Dann hab ich mich an der Makrofotografie geübt.

Dabei war ich nicht so richtig zufriedenstellend erfolgreich.

Na ja, wird schon noch werden irgendwann. Hauptsache es macht Spaß.

Zum all die Fotos und Erlebnisse verbloggern gab es Kaffee und nochmal Apfelstrudel.

Was ich noch gemacht habe um meine Gedanken nicht dauernd um Corona, den neuen Lockdown und außerdem auch noch die US Wahlen kreisen zu lassen: Ich hab mich jeden Abend mit Serien abgelenkt. Ununterbrochen. Hat gut funktioniert. Aber so soll es in der kommenden Woche nicht weiter gehen. Bücher lesen ist nämlich auch schön. Sehr sogar. Und die Wahlen haben ja nun ein gutes Ende genommen. Oder zumindest ein Ende, was wieder hoffen lässt.
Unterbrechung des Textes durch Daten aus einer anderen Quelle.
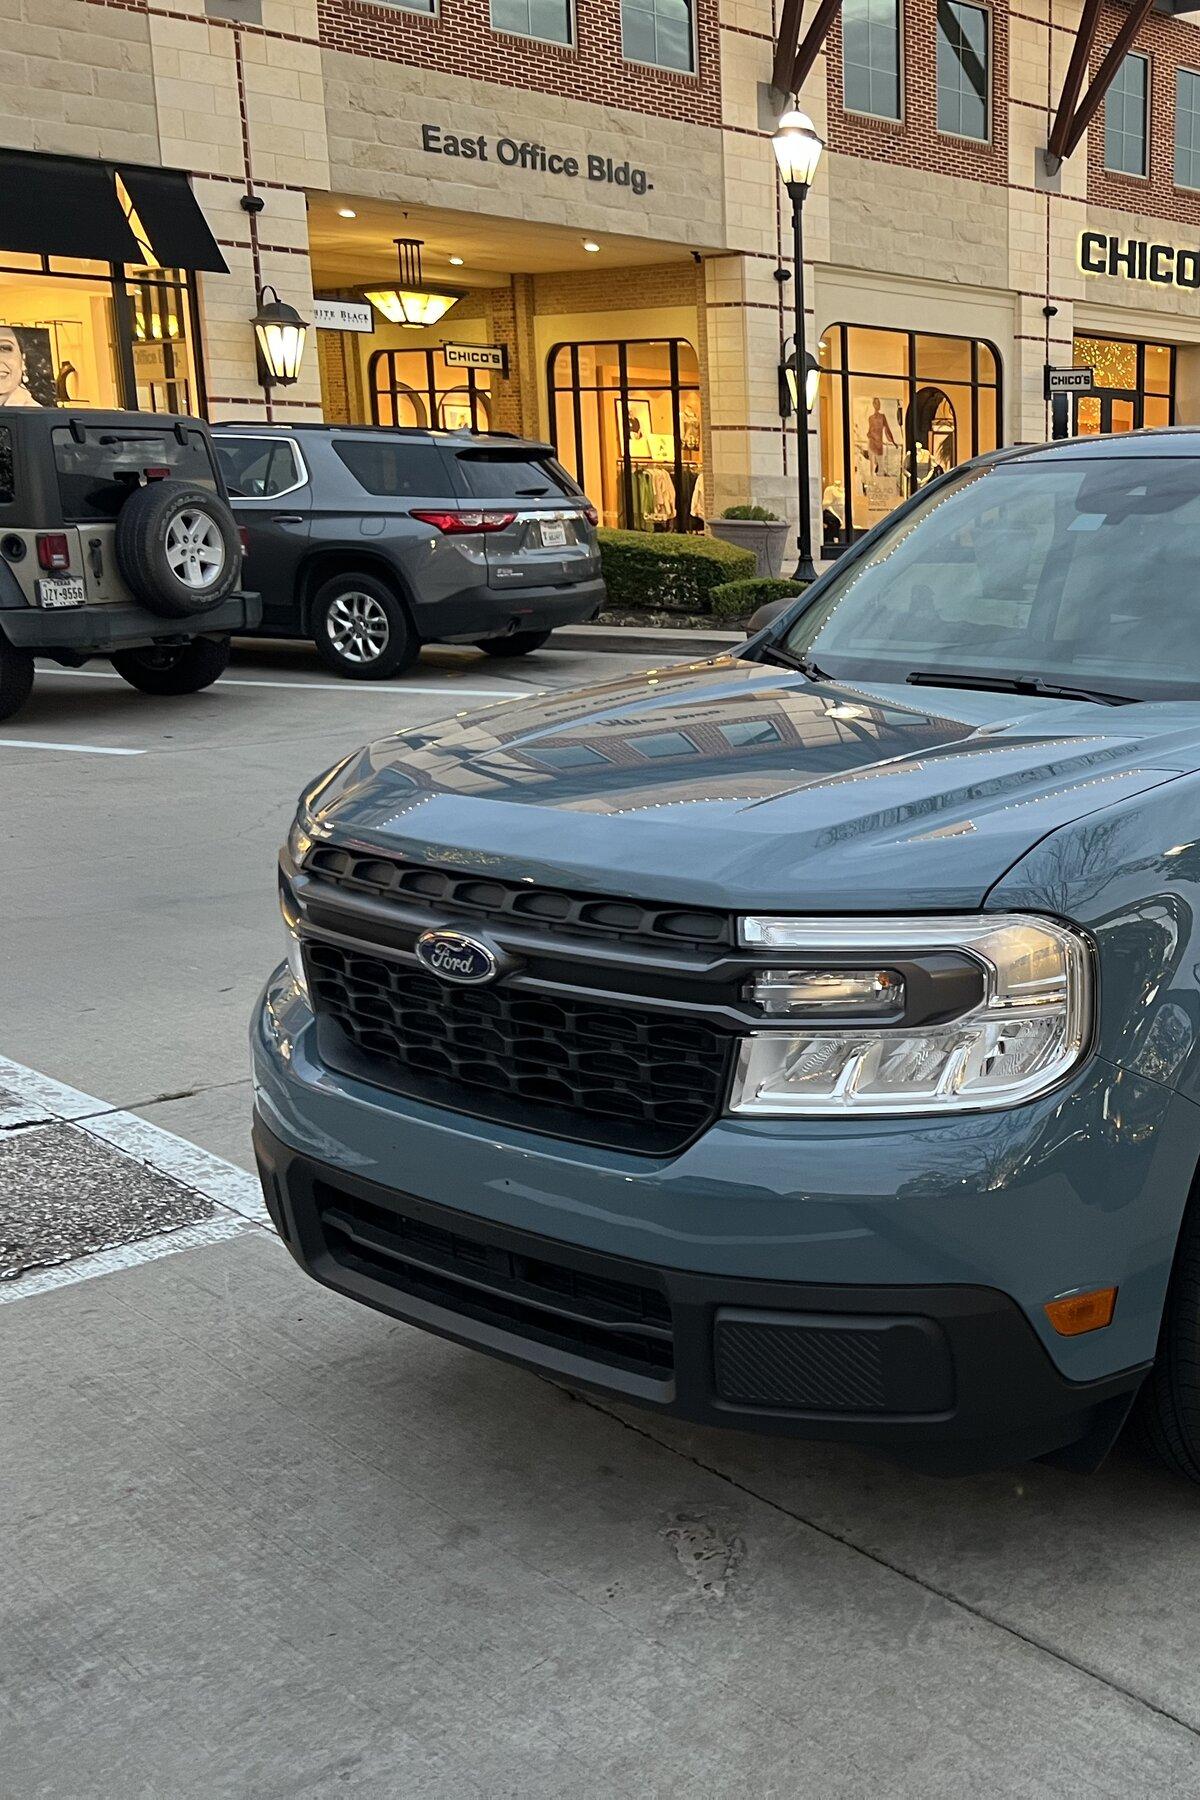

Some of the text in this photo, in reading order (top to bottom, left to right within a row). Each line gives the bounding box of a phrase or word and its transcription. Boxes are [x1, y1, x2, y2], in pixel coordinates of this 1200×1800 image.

Ich hab Charitè und Das Damengambit angesehen und fand beide Serien richtig gut. Bei Das Damengambit musste ich oft an einen Freund denken, der 60er Jahre Möbel und Geschirr so gerne mag. Ich mochte auch noch die Mode der 60er und ganz besonders die Hauptdarstellerin Anya Taylor_Joy von der ich bisher noch nie etwas gehört hatte. Das bedeutet allerdings nichts, da ich so selten ins Kino gehe oder mich mit Filmen beschäftige.